== Dataset records ==
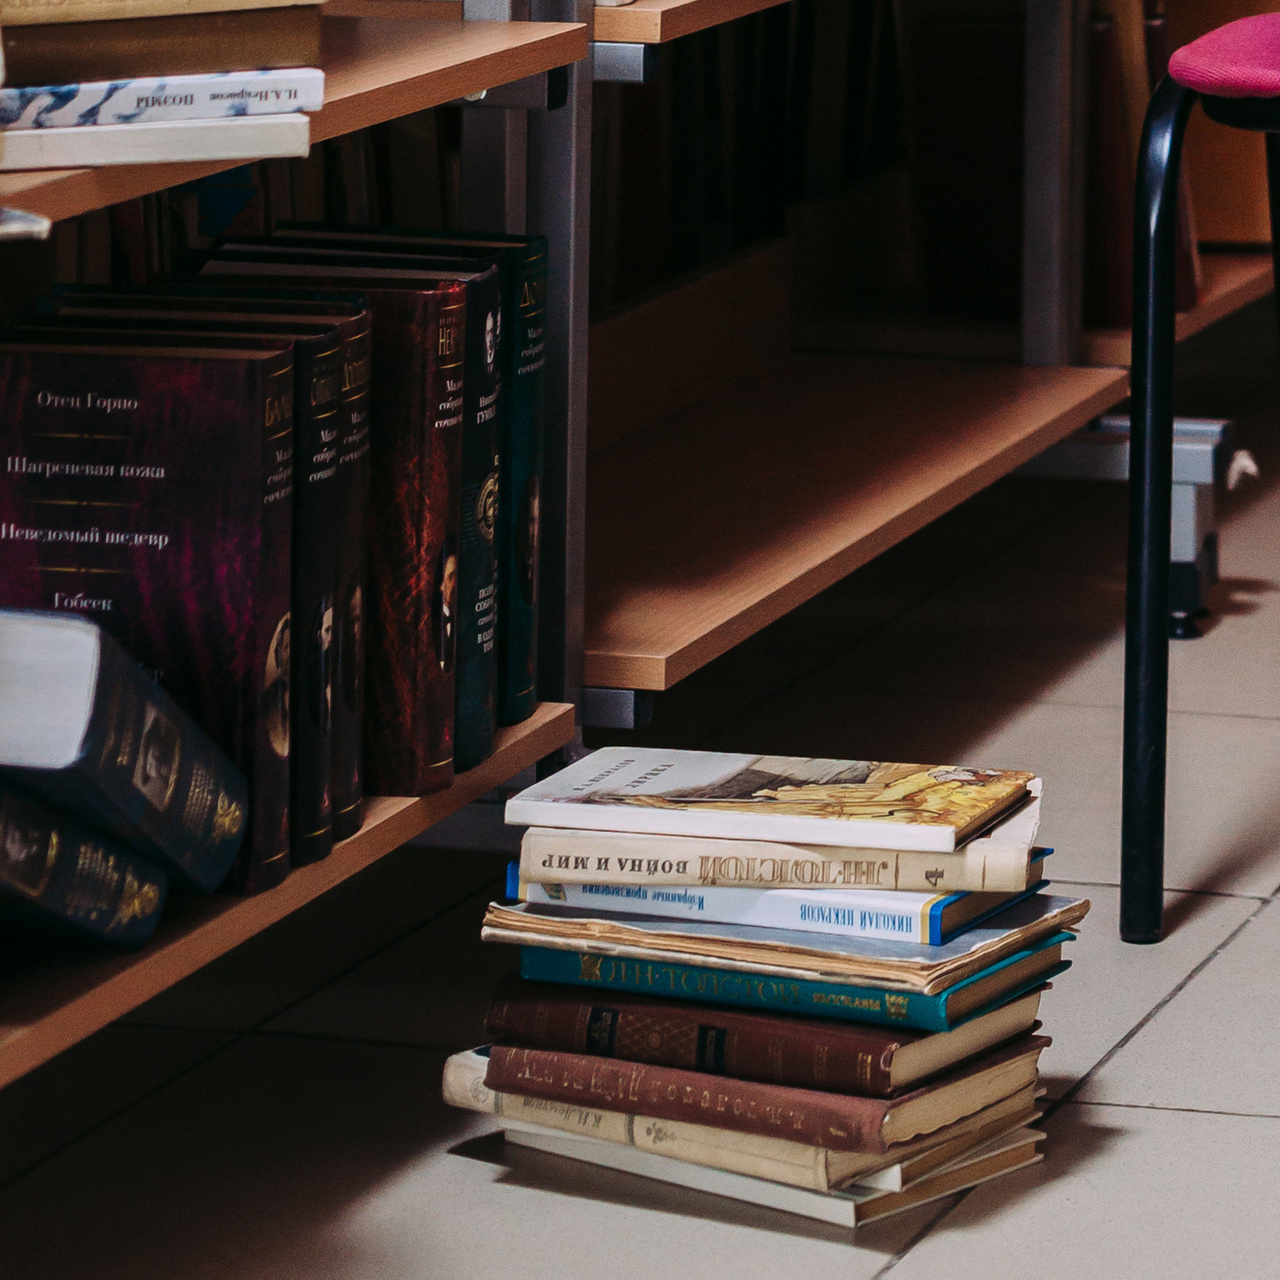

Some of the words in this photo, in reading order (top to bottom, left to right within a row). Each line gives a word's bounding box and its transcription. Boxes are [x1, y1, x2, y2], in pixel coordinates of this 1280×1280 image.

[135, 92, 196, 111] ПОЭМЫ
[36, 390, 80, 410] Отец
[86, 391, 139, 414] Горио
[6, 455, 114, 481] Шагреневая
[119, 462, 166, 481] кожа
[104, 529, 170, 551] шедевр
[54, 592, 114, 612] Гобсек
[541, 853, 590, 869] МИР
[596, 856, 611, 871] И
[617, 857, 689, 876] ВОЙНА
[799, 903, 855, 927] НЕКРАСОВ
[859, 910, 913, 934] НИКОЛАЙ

== Task requirements ==
All entries must be output unchanged, with every picture omitted.

== Written response ==
Some of the words in this photo, in reading order (top to bottom, left to right within a row). Each line gives a word's bounding box and its transcription. Boxes are [x1, y1, x2, y2], in pixel coordinates of this 1280×1280 image.

[135, 92, 196, 111] ПОЭМЫ
[36, 390, 80, 410] Отец
[86, 391, 139, 414] Горио
[6, 455, 114, 481] Шагреневая
[119, 462, 166, 481] кожа
[104, 529, 170, 551] шедевр
[54, 592, 114, 612] Гобсек
[541, 853, 590, 869] МИР
[596, 856, 611, 871] И
[617, 857, 689, 876] ВОЙНА
[799, 903, 855, 927] НЕКРАСОВ
[859, 910, 913, 934] НИКОЛАЙ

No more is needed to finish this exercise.